What is the Cadillac Tax and how it affects Washington Businesses

Description:  Employer-sponsored health benefits whose value exceeds legally specified thresholds will be subject to a 40 percent excise tax, starting in 2022. The so-called Cadillac tax will be levied on insurance companies, but the burden will likely fall on workers. The tax will effectively limit the tax preference for employer-sponsored health insurance.


Under the Affordable Care Act, employer-sponsored health benefits whose value exceeds specified thresholds will be subject to an excise tax starting in 2022. (The Cadillac tax was originally scheduled to take effect in 2018 but has been delayed twice by legislation, most recently by the Extension of Continuing Appropriations Act of January 2018.)  This “Cadillac tax” will equal 40 percent of the value of health benefits exceeding thresholds projected to be $11,200 for single coverage and $30,150 for family coverage in 2022. The thresholds will be indexed to growth in the consumer price index in subsequent years. Thresholds will be higher for plans with more-expensive-than-average demographics, retirees ages 55 to 64, and workers in high-risk professions. The Cadillac tax will apply not only to employers’ and employees’ contributions to health insurance premiums, but also to contributions to health saving accounts, health reimbursement arrangements, and medical flexible spending accounts.
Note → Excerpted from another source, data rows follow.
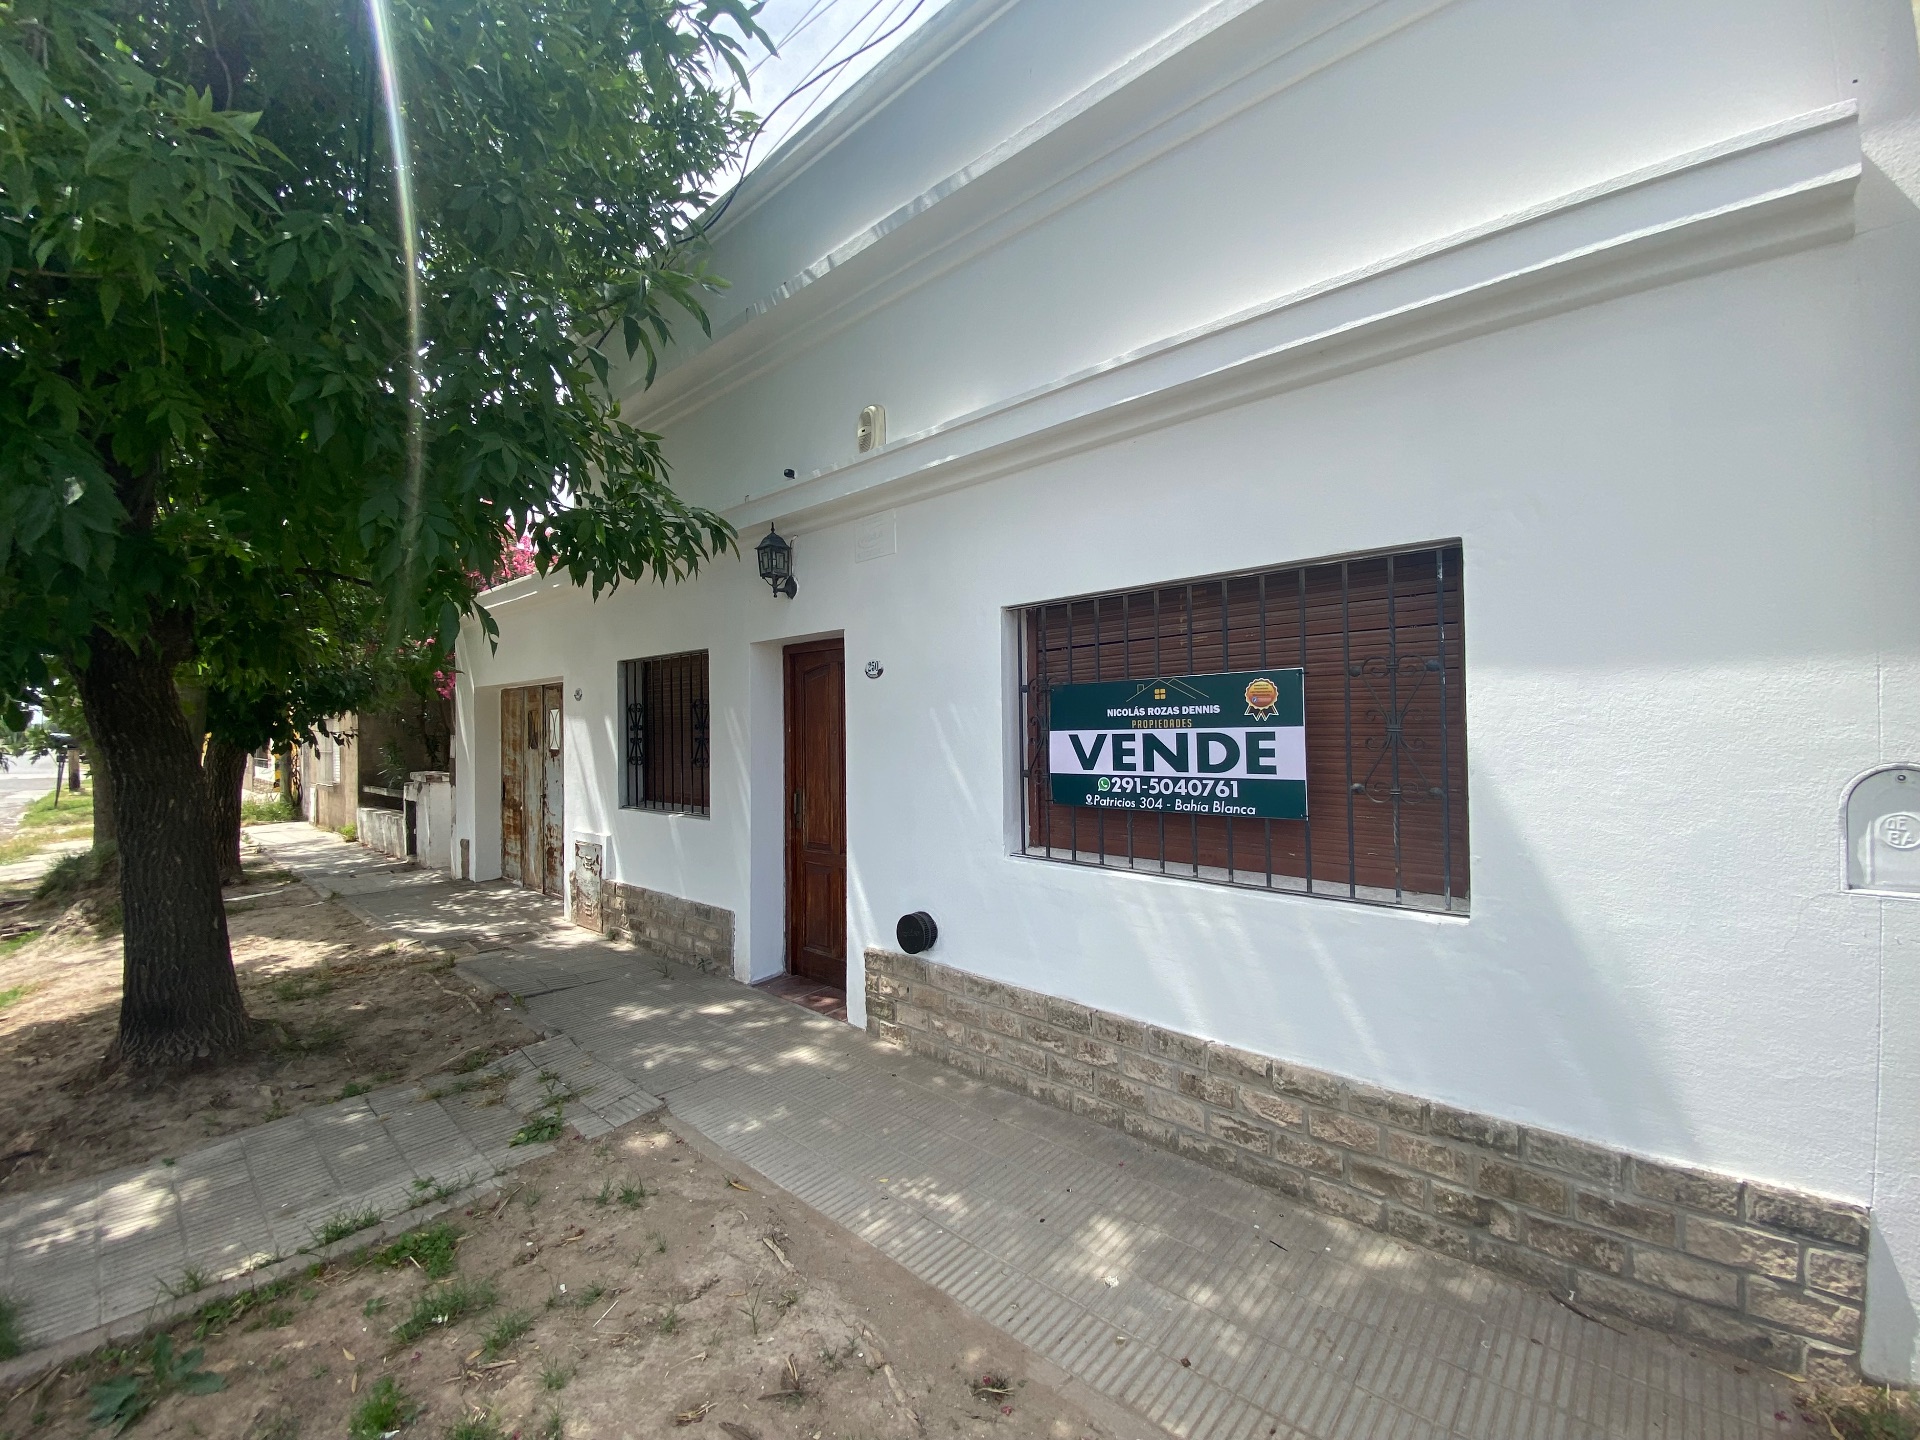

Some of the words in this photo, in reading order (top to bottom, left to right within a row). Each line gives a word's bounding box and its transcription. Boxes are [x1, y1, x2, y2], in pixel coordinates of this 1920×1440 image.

[1107, 706, 1145, 717] NICOLÁS
[1147, 706, 1180, 716] ROZAS
[1181, 705, 1220, 715] DENNIS
[1131, 719, 1192, 729] PROPIEDADES
[1068, 731, 1277, 775] VENDE
[1111, 777, 1238, 798] 291-5040761
[1093, 796, 1135, 808] Patricios
[1139, 798, 1162, 810] 304
[1175, 799, 1210, 812] Bahía
[1212, 801, 1256, 815] Blanca
The tax will be levied on insurance companies, but the burden will likely be passed on to workers in the form of lower wages. Some employers will avoid the tax by switching to less expensive health plans; this will translate into higher wages but also higher income and payroll taxes. In fact, the Joint Committee on Taxation and the Congressional Budget Office predict that 70 percent of the revenue raised by the Cadillac tax will be through the indirect channel of higher income and payroll taxes, rather than through excise taxes collected from insurers. Simulations suggest the excise tax will have the largest relative impact on after-tax income for families in the middle income quintile.
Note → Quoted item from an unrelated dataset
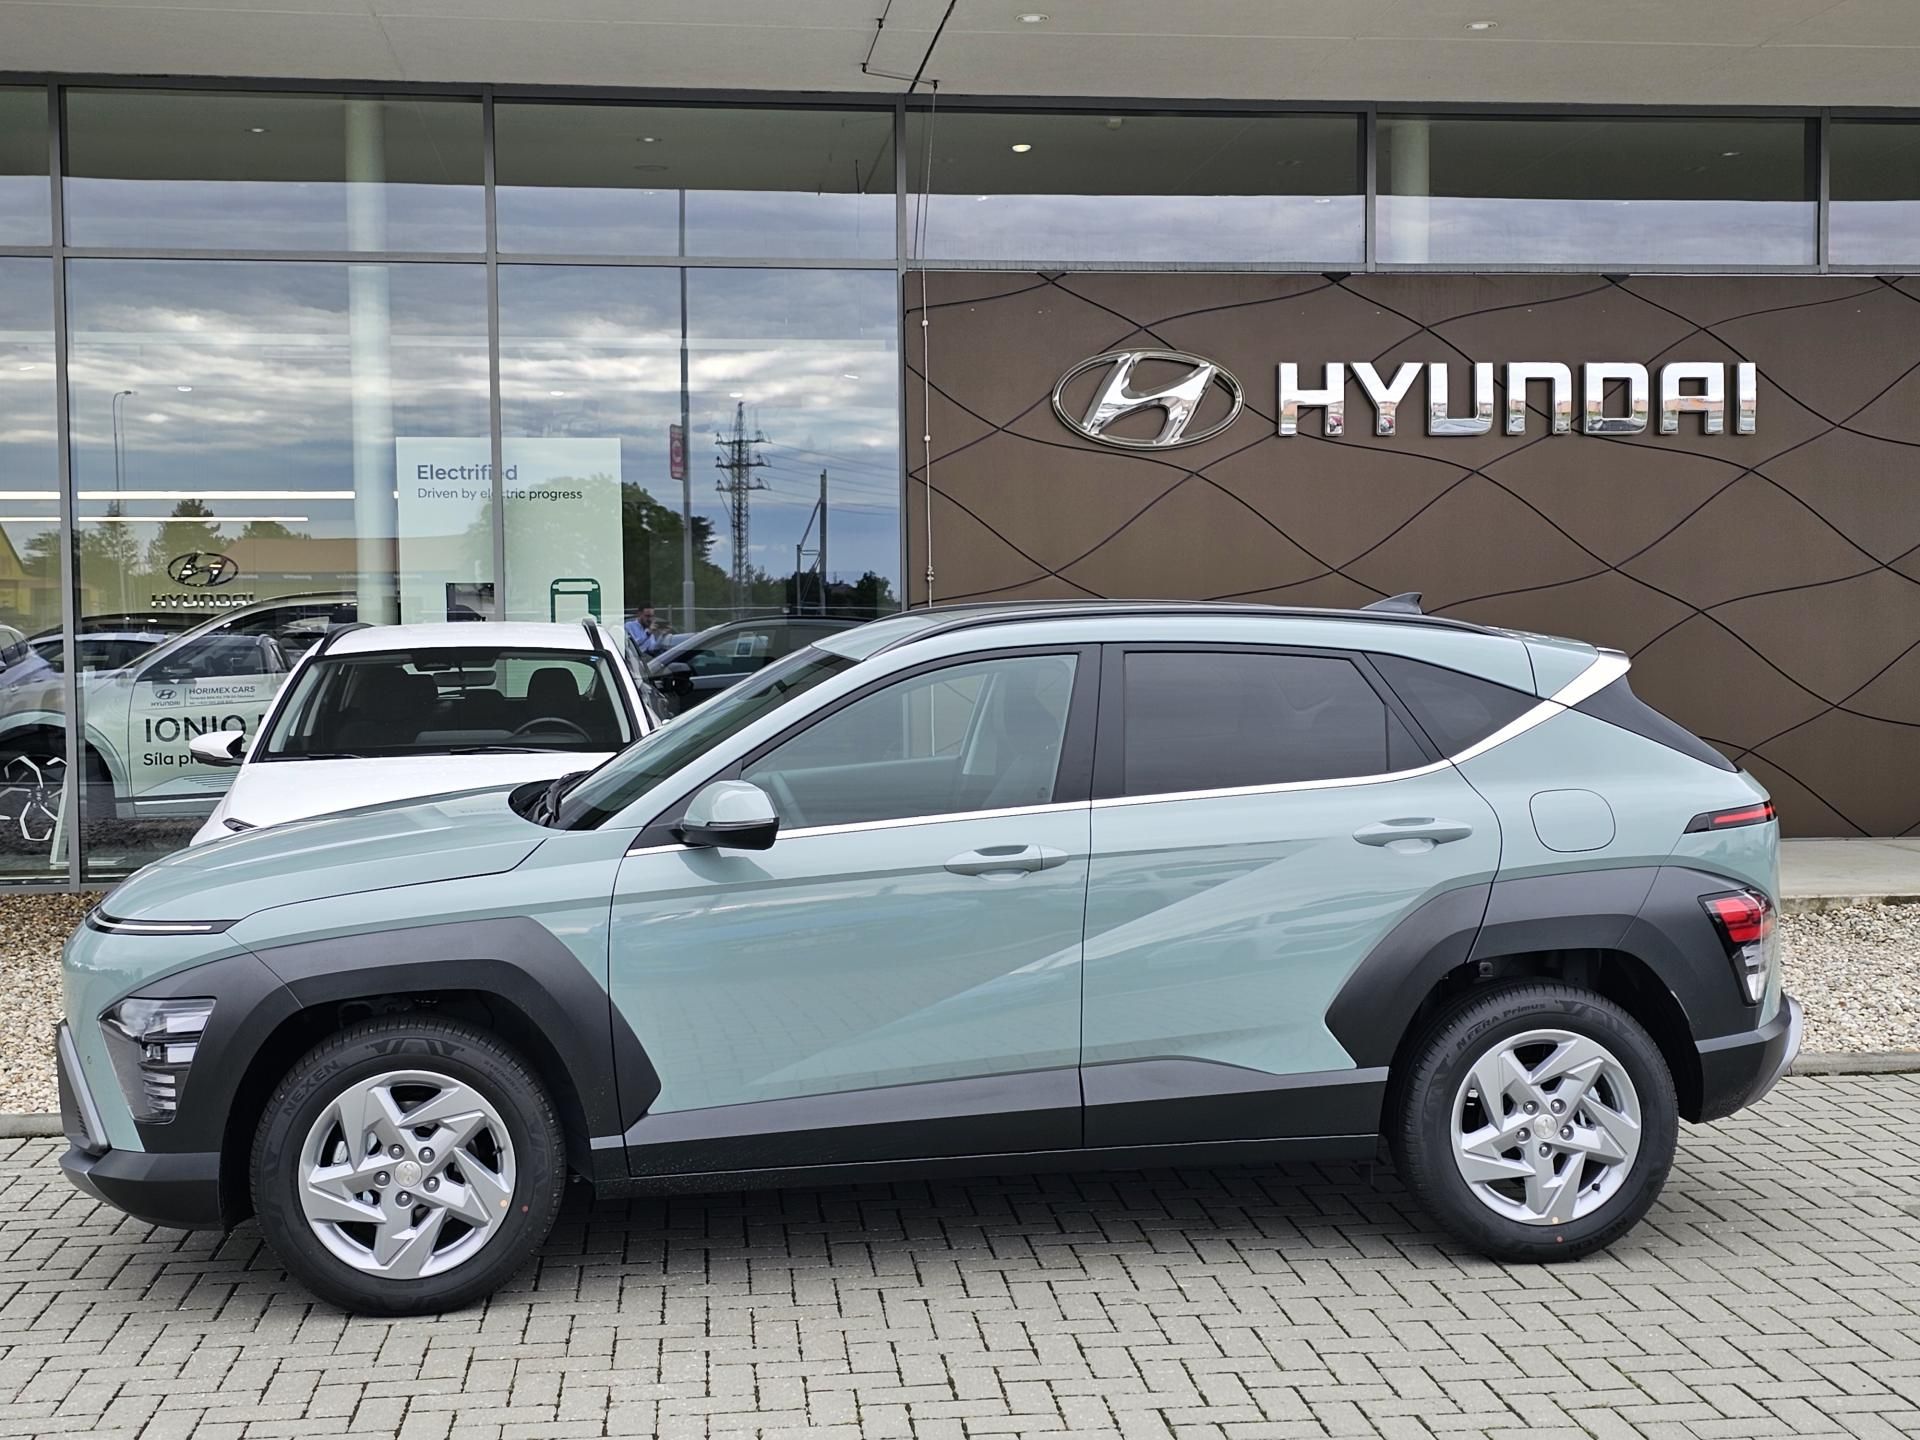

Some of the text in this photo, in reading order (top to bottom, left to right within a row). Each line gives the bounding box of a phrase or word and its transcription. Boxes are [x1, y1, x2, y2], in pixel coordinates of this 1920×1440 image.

Employer-provided health benefits are excluded from taxable income, reducing income and payroll tax revenue by an estimated $280 billion in 2018. Even if one ignores the revenue losses, there are other undesirable aspects of the exclusion. The exclusion for employer-sponsored health insurance (ESI) is poorly targeted, as it is worth more to taxpayers in higher brackets who would be more likely to purchase insurance in the first place. Additionally, the ESI exclusions’ open-ended nature may contribute to faster health care cost growth. For these reasons, analysts have often suggested limiting the ESI exclusion by including the value of health benefits beyond a certain threshold in taxable income (Congressional Budget Office 2016).

While the Cadillac tax plan is not a direct limit, it effectively curtails the ESI exclusion. If employers avoid the excise tax by shifting compensation from health benefits to taxable wages, the ultimate impact will be identical to an exclusion limit. In both cases, health benefits that exceeded thresholds before introduction of the Cadillac tax would become subject to income and payroll taxes. If employers continue to offer high-cost health plans, the impact will be similar to an exclusion limit—though less progressive. Excess benefits would be taxed at 40 percent rather than at an individual worker’s marginal tax rate. (After accounting for income and payroll tax offsets, the effective excise tax rate is ultimately lower than 0.4 and, in fact, declines with income (Blumberg, Holahan, and Mermin 2015).)